=== Extracted data ===

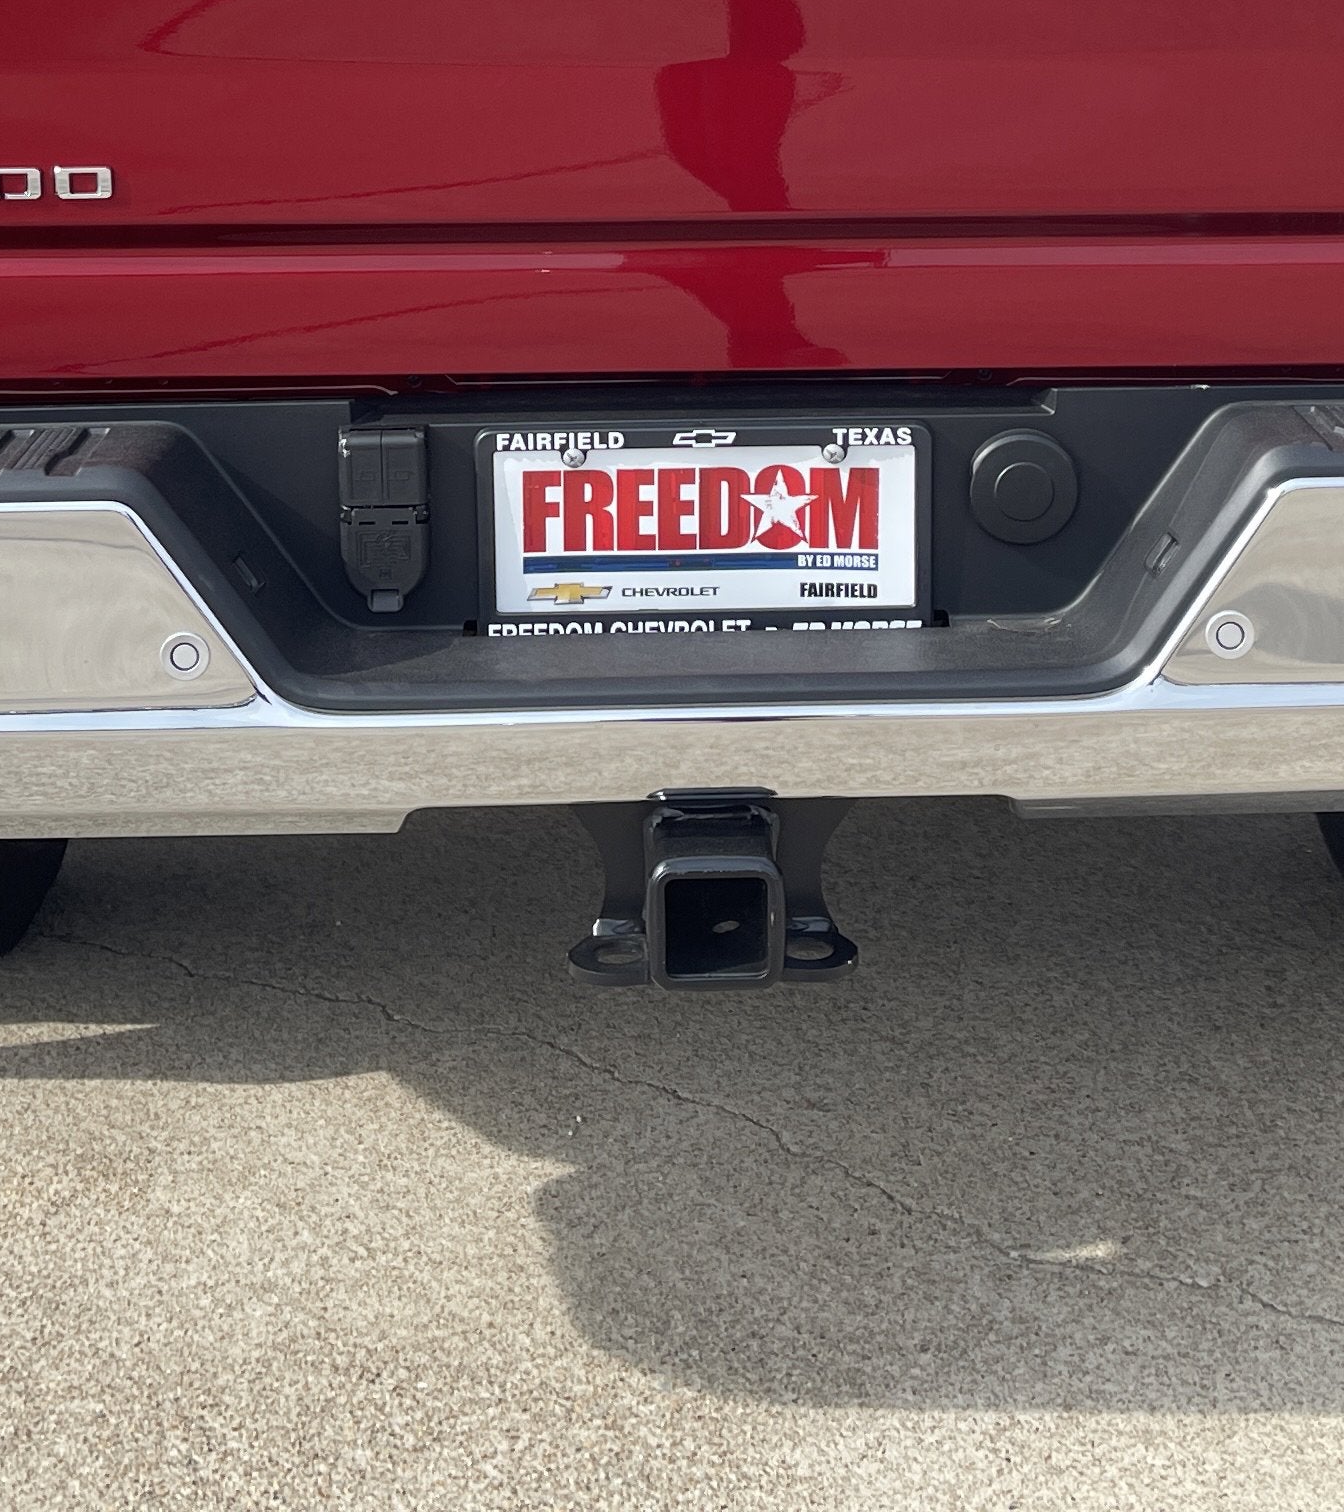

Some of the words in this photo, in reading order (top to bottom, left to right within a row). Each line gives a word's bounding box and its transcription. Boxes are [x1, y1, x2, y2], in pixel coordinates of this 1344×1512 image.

[496, 431, 625, 451] FAIRFIELD
[833, 427, 913, 446] TEXAS
[522, 464, 880, 553] FREEDOM
[797, 554, 813, 568] BY
[816, 554, 831, 568] ED
[833, 554, 877, 569] MORSE
[621, 585, 720, 598] CHEVROLET
[799, 582, 878, 599] FAIRFIELD
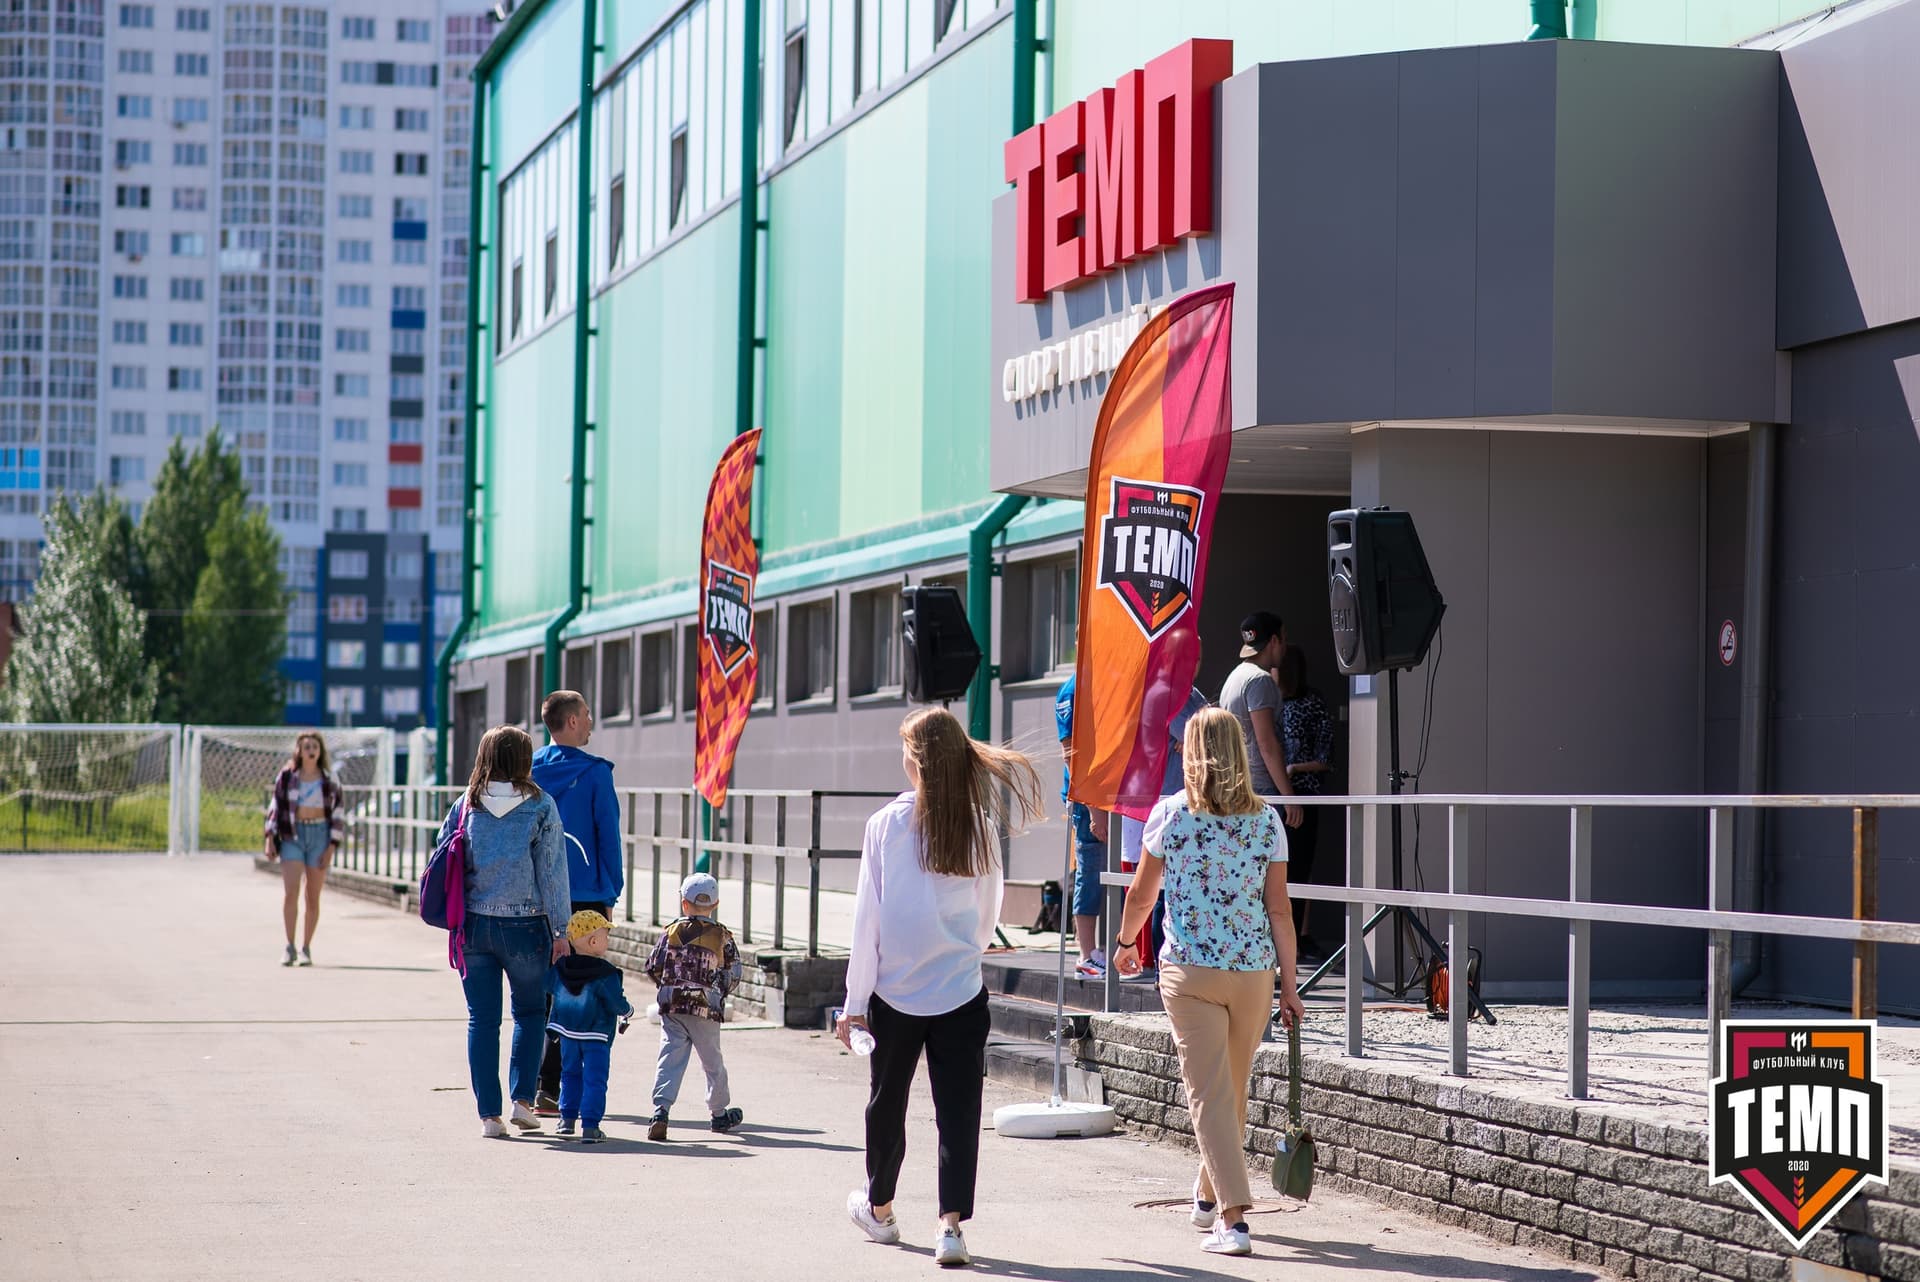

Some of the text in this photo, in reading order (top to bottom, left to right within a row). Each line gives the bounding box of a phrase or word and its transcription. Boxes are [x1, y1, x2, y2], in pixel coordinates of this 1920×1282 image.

[1004, 38, 1233, 304] ТЕМП
[1130, 505, 1175, 518] ФУТБОЛЬНЫЙ
[1113, 525, 1194, 588] ТЕМП
[1149, 579, 1165, 590] 2020
[709, 595, 749, 643] ТЕМП

===

Action item ▸
Output all the data, exactly, without images.

Written solution ▸
Some of the words in this photo, in reading order (top to bottom, left to right within a row). Each line gives a word's bounding box and its transcription. Boxes are [x1, y1, x2, y2], in pixel coordinates of this 1344×1512 image.

[496, 431, 625, 451] FAIRFIELD
[833, 427, 913, 446] TEXAS
[522, 464, 880, 553] FREEDOM
[797, 554, 813, 568] BY
[816, 554, 831, 568] ED
[833, 554, 877, 569] MORSE
[621, 585, 720, 598] CHEVROLET
[799, 582, 878, 599] FAIRFIELD

Some of the text in this photo, in reading order (top to bottom, left to right within a row). Each line gives the bounding box of a phrase or word and its transcription. Boxes are [x1, y1, x2, y2], in pixel coordinates of this 1920×1282 image.

[1004, 38, 1233, 304] ТЕМП
[1130, 505, 1175, 518] ФУТБОЛЬНЫЙ
[1113, 525, 1194, 588] ТЕМП
[1149, 579, 1165, 590] 2020
[709, 595, 749, 643] ТЕМП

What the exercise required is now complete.